The letter the mother wrote about the situation on her Facebook page was a letter of frustration because it seemed to her like the school and the police were punishing her daughter instead of being serious in their investigation of the boy. The letter written from the bottom of Ms. Katie Millar Bucholtz’s heart is published in its entirety in this hard copy version of the Geneva Shore Report. It is also available online at both the GSR website and the GSR Facebook site. In the boy’s story to the female student he indicated that there would be shooting during the “last day of school,” and this was originally misinterpreted to mean graduation day. Graduation day, however, is held on Sunday following the last Friday of school so the GSR was technically wrong.

Was the Geneva Shore Report wrong about the rest of the story? It is unlikely that anyone will ever know, simply because, by the mere act of making the story public, the GSR might have caused any parties intending to shoot up the school to rethink such an idiotic and insane act. It remains the place of unrestricted media to attempt to report what occurs in fact, is interpreted to have incurred by other humans, or is said in society and is believed to have some truth in reality. That means that unrestricted media will be wrong many times, particularly when attempting to deliver timely news and breaking stories. It is the place of the reading public to try to make sense of, and gauge the believability of, what is reported in that media.

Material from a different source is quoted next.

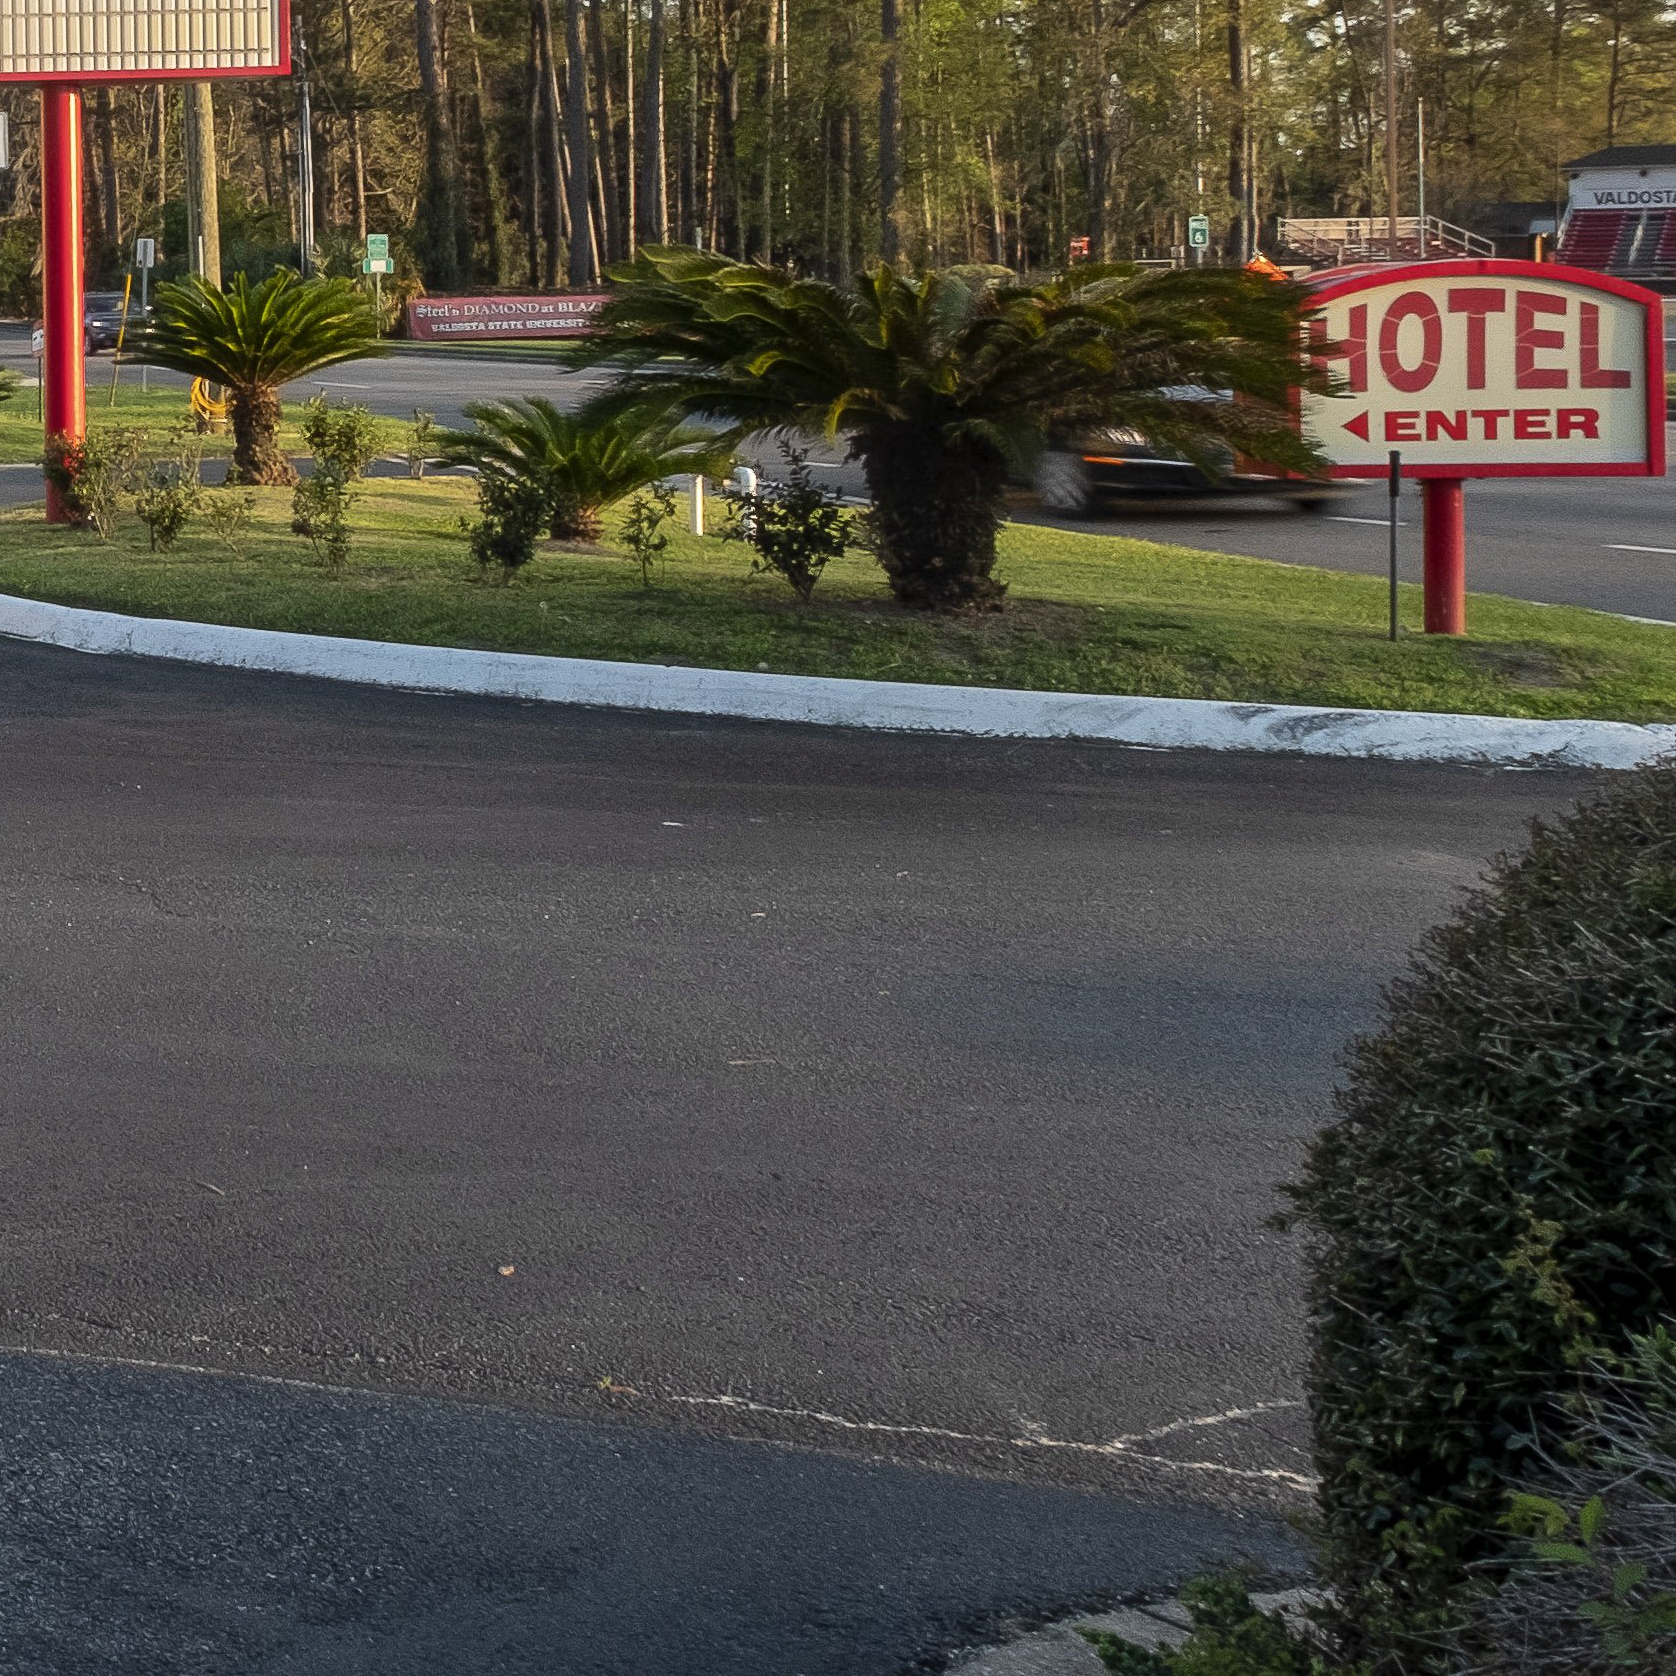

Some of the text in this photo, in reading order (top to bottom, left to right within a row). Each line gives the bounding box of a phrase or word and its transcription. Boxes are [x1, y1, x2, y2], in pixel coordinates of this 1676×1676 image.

What happened at the school that allowed such a mean-spirited hoax to be presented to school officials, the young lady and even her mother? In the final analysis, a threat was made and delivered verbally to an unsuspecting innocent young lady, and that threat affected her feelings and life to the point where she stopped going to school and her mother was driven in frustration and anger to writing a long letter and putting it up on Facebook. That is news, human interest, and worthy of any newspaper worth its salt publishing, commenting upon, and working to follow and resolve, even if it is not fully explained or understood. Charlie Hebdo is the name of a satirical magazine in France that published cartoons ridiculing the prophet of Islam. The staffers of that paper were violently assassinated. The newspapers in Paris all said they would fight the terrorist act by publishing the cartoons themselves. However, the newspapers did not publish out of fear of reprisal. At what point does the media have to step in and publish? The school news reported on in this story does not measure up to what Charlie Hebdo was publishing, but the point is the same. Many people did not want this story published and those feelings were given weight. But the primary weight was given to the public’s need to know, think and respond.

The woman who wrote her letter on Facebook, in the end, is one of the people who did not want this story to appear in the Geneva Shore Report. You will also read her bitter letter to the editor published at the end of this issue. She’s entitled. As the GSR is entitled.